Does she want to change her mode of life?"
"I don't know, of course. There are some things one doesn't discuss. She
cares a great deal for some man. The other day I propped her up in bed
and gave her a newspaper, and after a while I found the paper on the
floor, and she was crying. The other patients avoid her, and it was
some time before I noticed it. The next day she told me that the man
was going to marry some one else. 'He wouldn't marry me, of course,' she
said; 'but he might have told me.'"
Le Moyne did his best, that afternoon in the little parlor, to provide
Sidney with a philosophy to carry her through her training. He told her
that certain responsibilities were hers, but that she could not reform
the world. Broad charity, tenderness, and healing were her province.
"Help them all you can," he finished, feeling inadequate and hopelessly
didactic. "Cure them; send them out with a smile; and--leave the rest to
the Almighty."
Sidney was resigned, but not content. Newly facing the evil of the
world, she was a rampant reformer at once. Only the arrival of Christine
and her fiance saved his philosophy from complete rout. He had time for
a question between the ring of the bell and Katie's deliberate progress
from the kitchen to the front door.
"How about the surgeon, young Wilson? Do you ever see him?" His tone was
carefully casual.
"Almost every day. He stops at the door of the ward and speaks to me. It
makes me quite distinguished, for a probationer. Usually, you know, the
staff never even see the probationers."
"And--the glamour persists?" He smiled down at her.
"I think he is very wonderful," said Sidney valiantly.

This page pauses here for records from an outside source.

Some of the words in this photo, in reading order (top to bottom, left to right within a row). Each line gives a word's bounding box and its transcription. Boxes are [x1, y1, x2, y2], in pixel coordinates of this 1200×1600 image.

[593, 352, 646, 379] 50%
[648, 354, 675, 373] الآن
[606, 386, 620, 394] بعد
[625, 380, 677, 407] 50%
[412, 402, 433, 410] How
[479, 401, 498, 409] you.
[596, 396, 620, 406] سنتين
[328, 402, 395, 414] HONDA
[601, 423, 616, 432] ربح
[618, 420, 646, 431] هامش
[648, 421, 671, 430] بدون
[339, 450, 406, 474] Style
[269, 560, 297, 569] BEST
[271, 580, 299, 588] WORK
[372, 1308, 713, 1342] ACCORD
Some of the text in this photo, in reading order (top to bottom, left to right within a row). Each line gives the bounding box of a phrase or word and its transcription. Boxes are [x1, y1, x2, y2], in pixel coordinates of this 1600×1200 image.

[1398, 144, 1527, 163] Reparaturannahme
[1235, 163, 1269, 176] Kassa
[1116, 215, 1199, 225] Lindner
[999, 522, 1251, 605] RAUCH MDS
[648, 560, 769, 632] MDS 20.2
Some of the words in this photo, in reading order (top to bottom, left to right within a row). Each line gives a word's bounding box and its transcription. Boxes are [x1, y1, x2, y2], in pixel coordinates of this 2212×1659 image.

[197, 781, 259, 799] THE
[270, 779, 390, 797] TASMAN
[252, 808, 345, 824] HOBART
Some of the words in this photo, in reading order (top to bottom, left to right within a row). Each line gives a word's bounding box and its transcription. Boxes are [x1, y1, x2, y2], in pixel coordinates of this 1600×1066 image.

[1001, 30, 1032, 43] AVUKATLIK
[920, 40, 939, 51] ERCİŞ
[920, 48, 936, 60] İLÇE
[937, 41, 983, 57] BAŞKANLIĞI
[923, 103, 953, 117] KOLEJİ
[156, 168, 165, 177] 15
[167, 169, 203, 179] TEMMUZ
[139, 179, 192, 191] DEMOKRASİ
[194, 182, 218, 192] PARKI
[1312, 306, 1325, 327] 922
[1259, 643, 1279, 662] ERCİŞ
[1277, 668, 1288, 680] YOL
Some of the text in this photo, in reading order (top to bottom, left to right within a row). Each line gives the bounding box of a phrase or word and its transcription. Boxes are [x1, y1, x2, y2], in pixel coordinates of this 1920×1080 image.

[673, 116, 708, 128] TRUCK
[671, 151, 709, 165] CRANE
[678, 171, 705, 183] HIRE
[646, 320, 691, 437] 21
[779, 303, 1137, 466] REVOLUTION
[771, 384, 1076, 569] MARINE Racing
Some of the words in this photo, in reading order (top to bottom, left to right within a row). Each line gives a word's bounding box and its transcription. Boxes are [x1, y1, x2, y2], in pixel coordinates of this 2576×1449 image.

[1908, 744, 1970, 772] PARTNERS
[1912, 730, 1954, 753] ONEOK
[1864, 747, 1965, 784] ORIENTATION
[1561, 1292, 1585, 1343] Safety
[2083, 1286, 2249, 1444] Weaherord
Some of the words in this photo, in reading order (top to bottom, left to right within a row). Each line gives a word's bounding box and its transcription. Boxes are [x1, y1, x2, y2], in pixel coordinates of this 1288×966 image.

Christine Lorenz, while not large, seemed to fill the little room. Her
voice, which was frequent and penetrating, her smile, which was wide
and showed very white teeth that were a trifle large for beauty, her
all-embracing good nature, dominated the entire lower floor. K., who had
met her before, retired into silence and a corner. Young Howe smoked a
cigarette in the hall.
"You poor thing!" said Christine, and put her cheek against Sidney's.
"Why, you're positively thin! Palmer gives you a month to tire of it
all; but I said--"
"I take that back," Palmer spoke indolently from the corridor. "There
is the look of willing martyrdom in her face. Where is Reginald? I've
brought some nuts for him."
"Reginald is back in the woods again."